BRANDON, MISS. (Legal Newsline) - The well-traveled vitamin antitrust suit filed by Mississippi Attorney General Jim Hood is back on track and scheduled for a hearing on a series of procedural motions at the Rankin County Circuit Court on Friday.
The case was brought in 2006 by Hood "on behalf of the State of Mississippi in its sovereign capacity for injuries the State has sustained as purchasers and in the State's capacity as panens patriae, for the adverse effect on Mississippi purchasers."
It alleges that an "international cartel" of vitamin producers and distributors conducted "a massive and long-running international conspiracy among all defendants with the purpose and effect of fixing prices, allocating market share, and committing other unlawful practices designed to inflate the prices" of various vitamins and food supplements.
"The conspiracy existed at least during the period from 1990 to 1999, and affected billions of dollars of commerce in products," Hood alleges.
"The conspiracy included hundreds of communications and meetings in which defendants agreed expressly and repeatedly to eliminate competition, to injure and destroy businesses that would have reduced defendants illegal market control, and to fix the prices and allocate markets for vitamins A, C, E, B1, B2, B3, B5, B6, B9, B12, H, beta carotene, astaxanthin, canthaxanthin and vitamin premixes."
"Defendants," according to the Attorney General's complaint, "including their executives from both the United States and foreign affiliates, participated in covert meetings and conversations beginning in or before the 1990's and continuing throughout the 1990s" and the defendants "agreed to and did eliminate, suppress, and limit competition" by agreements on pricing, volumes of vitamins, allocation of markets, and methods "to conceal their agreements and concerted conduct."
AG Hood, with a number of associated attorneys led by Jackson, Miss., attorney, Brent Hazzard, filed the original complaint in the Rankin County Chancery Court in January 2006. The original complaint alleged the several defendants "engaged in a conspiracy, the object of which was to establish and further a monopoly or trust," although the complaint lacked specific details.
The case was promptly removed by the defendants to the United States District Court for the District of Columbia where a prolonged battle over jurisdiction was waged. In August 2009, the district court ruled that due to "the State of Mississippi acting as parens patriae and represented by the Mississippi Attorney General, which, at a minimum, is the real party in interest for the forfeiture and penalty claims," the parties in the suit do not have "complete diversity" as required for the federal court to have jurisdiction.

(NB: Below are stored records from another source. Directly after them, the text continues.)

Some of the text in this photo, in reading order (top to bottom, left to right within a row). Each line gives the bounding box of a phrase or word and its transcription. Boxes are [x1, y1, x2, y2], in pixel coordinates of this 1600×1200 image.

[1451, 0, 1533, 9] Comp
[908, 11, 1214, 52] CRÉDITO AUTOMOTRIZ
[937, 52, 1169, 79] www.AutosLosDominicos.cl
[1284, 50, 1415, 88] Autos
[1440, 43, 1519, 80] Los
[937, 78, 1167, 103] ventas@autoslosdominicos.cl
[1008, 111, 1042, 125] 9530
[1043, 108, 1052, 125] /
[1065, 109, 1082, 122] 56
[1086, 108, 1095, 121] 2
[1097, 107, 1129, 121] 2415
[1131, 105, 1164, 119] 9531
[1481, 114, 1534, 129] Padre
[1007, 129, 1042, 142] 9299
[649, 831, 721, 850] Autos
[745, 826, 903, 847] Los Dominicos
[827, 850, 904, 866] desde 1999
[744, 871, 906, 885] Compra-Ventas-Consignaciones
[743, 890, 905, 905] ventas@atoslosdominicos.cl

Judge Thomas F. Hogan remanded the case back to the Rankin County Chancery Court, but was skeptical of the original complaint.
"It is no exaggeration to state that the Complaint is so superficially and vaguely drafted that it is nearly impossible to determine what is alleged," Hogan wrote.

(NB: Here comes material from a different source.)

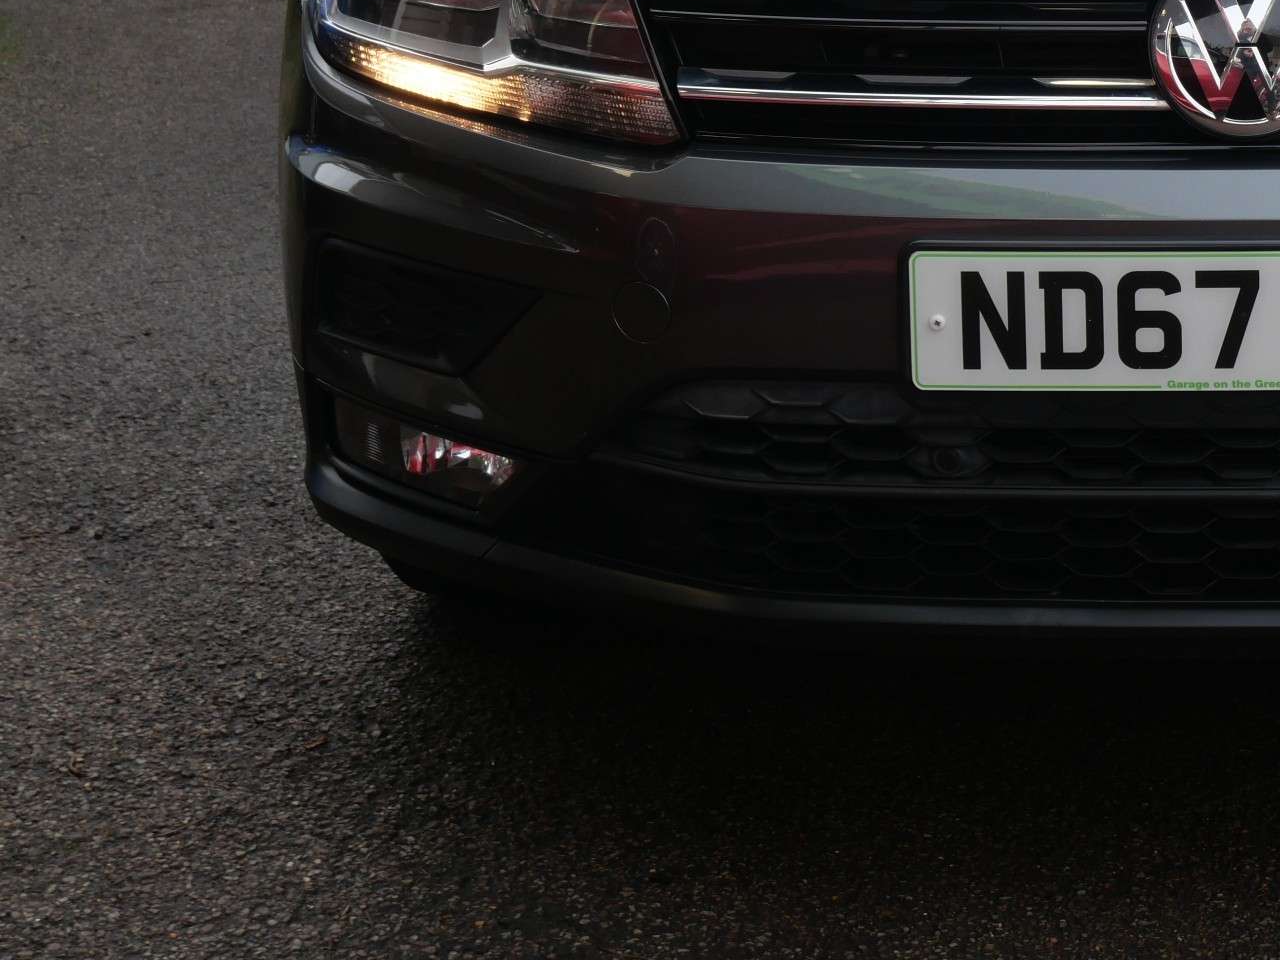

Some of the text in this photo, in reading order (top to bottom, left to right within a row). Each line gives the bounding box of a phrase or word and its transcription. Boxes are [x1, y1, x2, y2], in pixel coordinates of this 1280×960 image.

[960, 270, 1260, 370] ND67
[1167, 380, 1210, 390] Garage
[1213, 381, 1229, 389] on
[1232, 380, 1251, 389] the

"Although the Complaint asserts that the defendants violated the provisions of Mississippi law governing Trusts and Combines in Restraint or Hindrance of Trade and engaged in a conspiracy, the document otherwise is completely devoid of so much as a hint about what the conspiracy entailed.
"It appears that the first time the nature of the conspiracy was fully disclosed was in the Attorney General's legal brief supporting the remand motion, which states that "(t)he conspiracy... consisted of a continuing agreement, understanding, and concert of action among the conspirators to fix prices and allocate markets of vitamins, vitamin premixes, bulk vitamins, and other vitamin products in Mississippi."
A more definitive amended complaint was filed with the chancery court in December 2009 with the nine defendants identified as F. Hoffman-La Roche, Ltd., Hoffman-La Roche, Inc., BASF SE, Sanofi-Aventis, Aventis, Inc., Eisai Co., Ltd., Eisai, Inc., Takeda Pharmaceutical Co., Ltd., and Daiichi Sankyo Co., Ltd.
The suit was brought under the Mississippi Antitrust Act and the Mississippi Consumer Protection Act, however the complaint relies on the fact that several of the defendants "have pleaded guilty to violating Section 1 of the Sherman Act," the federal statute usually referred to as the Sherman Antitrust Act.
These defendants agreed to pay fines to the United States Department of Justice as a result. Roche LTD. paid $500 million, BASF - $225 million, Takeda - $72 million, and Daiichi - $25 million. The fine Roche agreed to pay was then largest fine ever paid in an antitrust investigation.
Hood seeks to obtain damages, fees and penalties for the State of Mississippi. According to the amended complaint, the Indirect Vitamin National Class Action, a lawsuit involving most of the same defendants, was settled for $225 million in October 2000 with more than 20 states (Mississippi was not included) participating. A separate Consumer Class Action for the State of California was settled in 2002 for $80 million.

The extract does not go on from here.